While G1P [8], G2P [4] and G9P [8] accounted for 64.4% of strains, a number of unusual strains including uncommon G and P combinations such as G1P [4], G2P [8] and bovine-human reassortant strains PS-341 mouse such as G10P [11] were also identified. G3 and G4 rotaviruses were not seen in this population. The common genotypes caused more severe disease than rare or reassortant strains. Higher disease severity has been shown to correspond with greater virus replication by stool

viral load [23]. It would be interesting to quantify the rotavirus shed in stools of children infected with these genotypes and determine if viral load is greater in common genotypes, indicating a replicative advantage possibly resulting in more severe disease. However, it is important to note that

the hospital based study design is biased towards severe cases and a better assessment of severity and genotype can be obtained through a combination of hospital and community based studies.
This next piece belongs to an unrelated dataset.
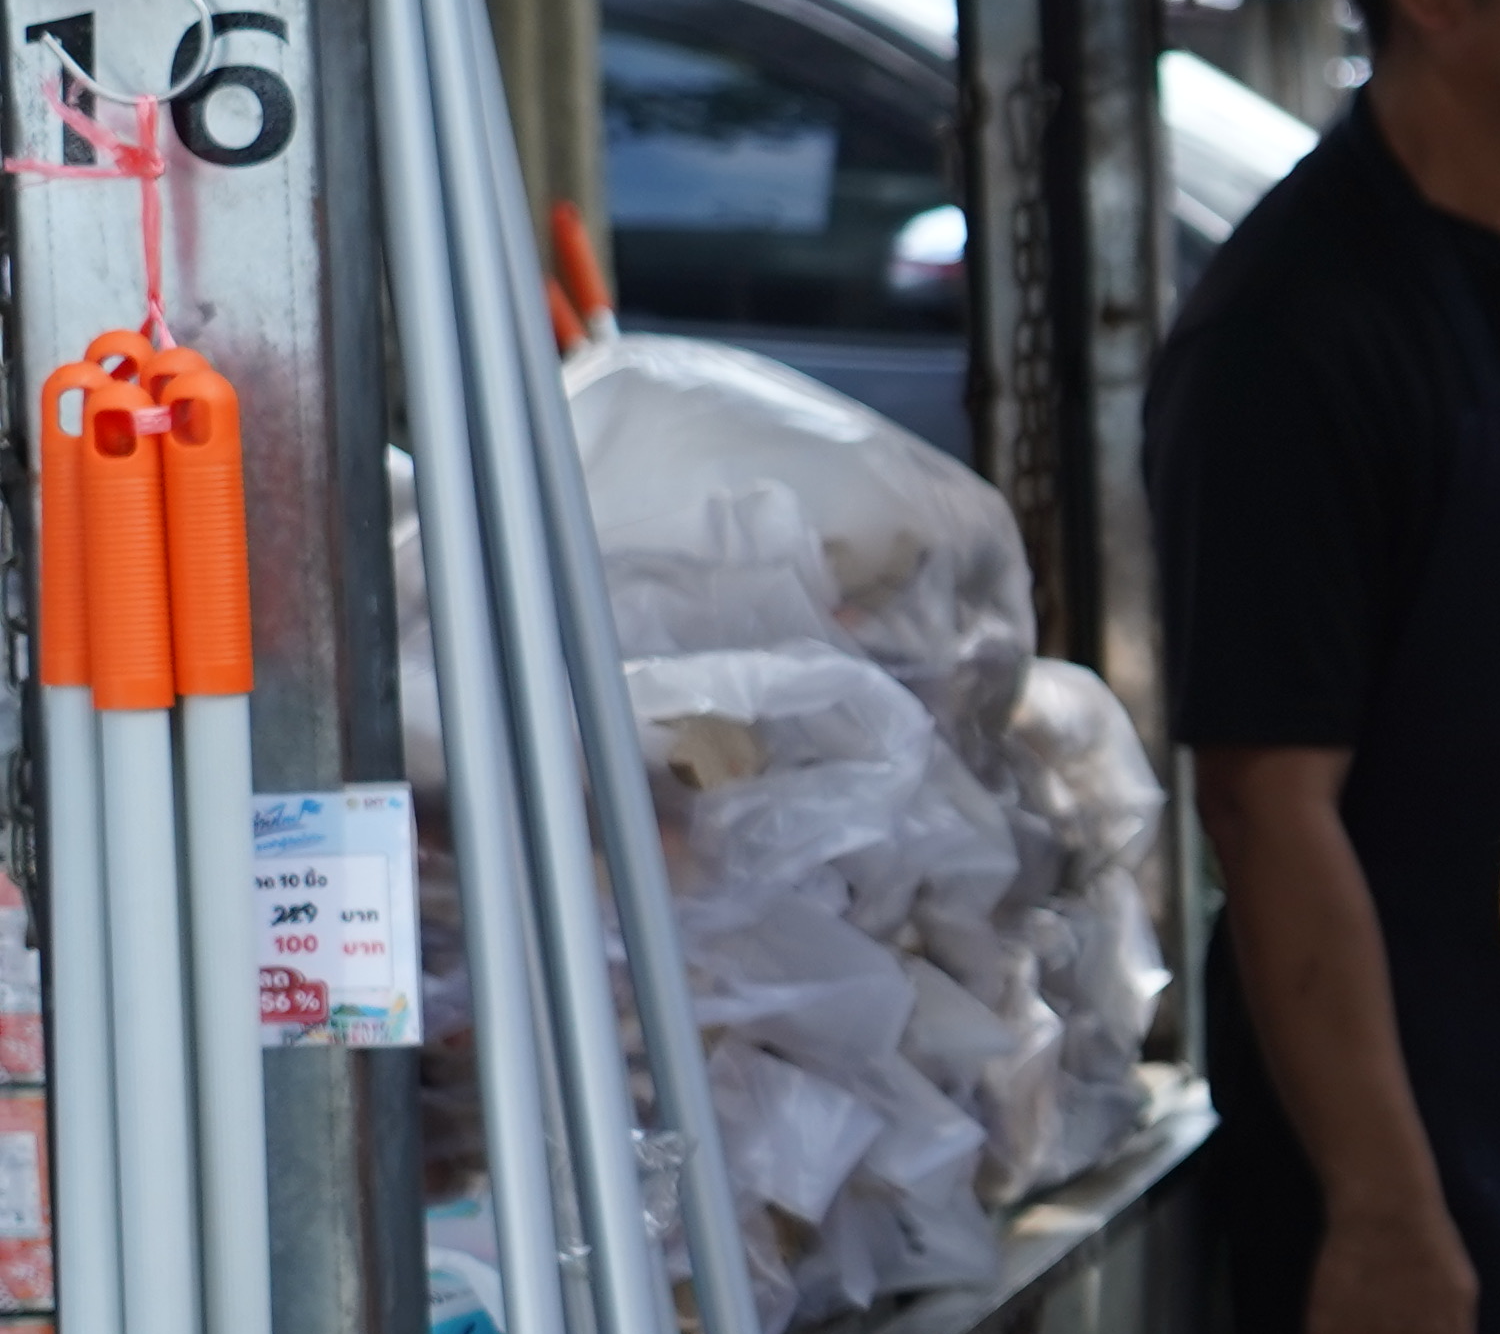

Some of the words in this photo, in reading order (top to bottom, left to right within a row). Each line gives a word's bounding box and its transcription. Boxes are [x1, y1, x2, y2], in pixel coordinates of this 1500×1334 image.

In summary, the study provides an in-depth clinical description of rotavirus Pomalidomide in vitro gastroenteritis and underscores the need for a uniform measure of severity assessment and clinical data collection in vaccine studies. This work was supported by grants from the Indian Council of Medical Research and the Centers for Disease Control and Prevention, Atlanta, USA. Conflict of interest: None to declare “
“Diarrhoea remains an important cause of death in children under five years of age worldwide and accounted for an estimated 1.3 million deaths in 2008. In the Africa region, 19% of the 4.2 million annual deaths were caused by diarrhoea. In addition, 90% of deaths due to AIDS in children occurred in this region [1]. Ribonucleotide reductase Diarrhoeal disease has been identified as a leading cause of morbidity and mortality in

HIV-infected children. Incidence rates for acute diarrhoea, recurrent diarrhoea and persistent diarrhoea were shown to be higher in HIV-infected infants compared to HIV-uninfected infants [2]. In South Africa, HIV-infected children admitted with diarrhoea were more likely to have prolonged diarrhoea, malnutrition, require a longer hospital stay and have a co-diagnosis of pneumonia. They also had a higher frequency of recurrent diarrhoea and recurrent hospital admissions [3], [4] and [5]. Data on the burden of rotavirus disease in HIV-infected children are limited. Globally, rotavirus is the main cause of acute gastroenteritis and accounted for 527,000 under-five childhood deaths in 2004. Rotavirus detection rates ranged from 16 to 66% with a mean detection rate in the Africa regions of 30% [6]. A review of South African studies shows that rotavirus contributes significantly to childhood diarrhoea in South Africa, with a median detection rate of 24% among inpatients [7]. Surveillance data from Gauteng, South Africa shows 23% of children hospitalised with diarrhoea were rotavirus positive [8].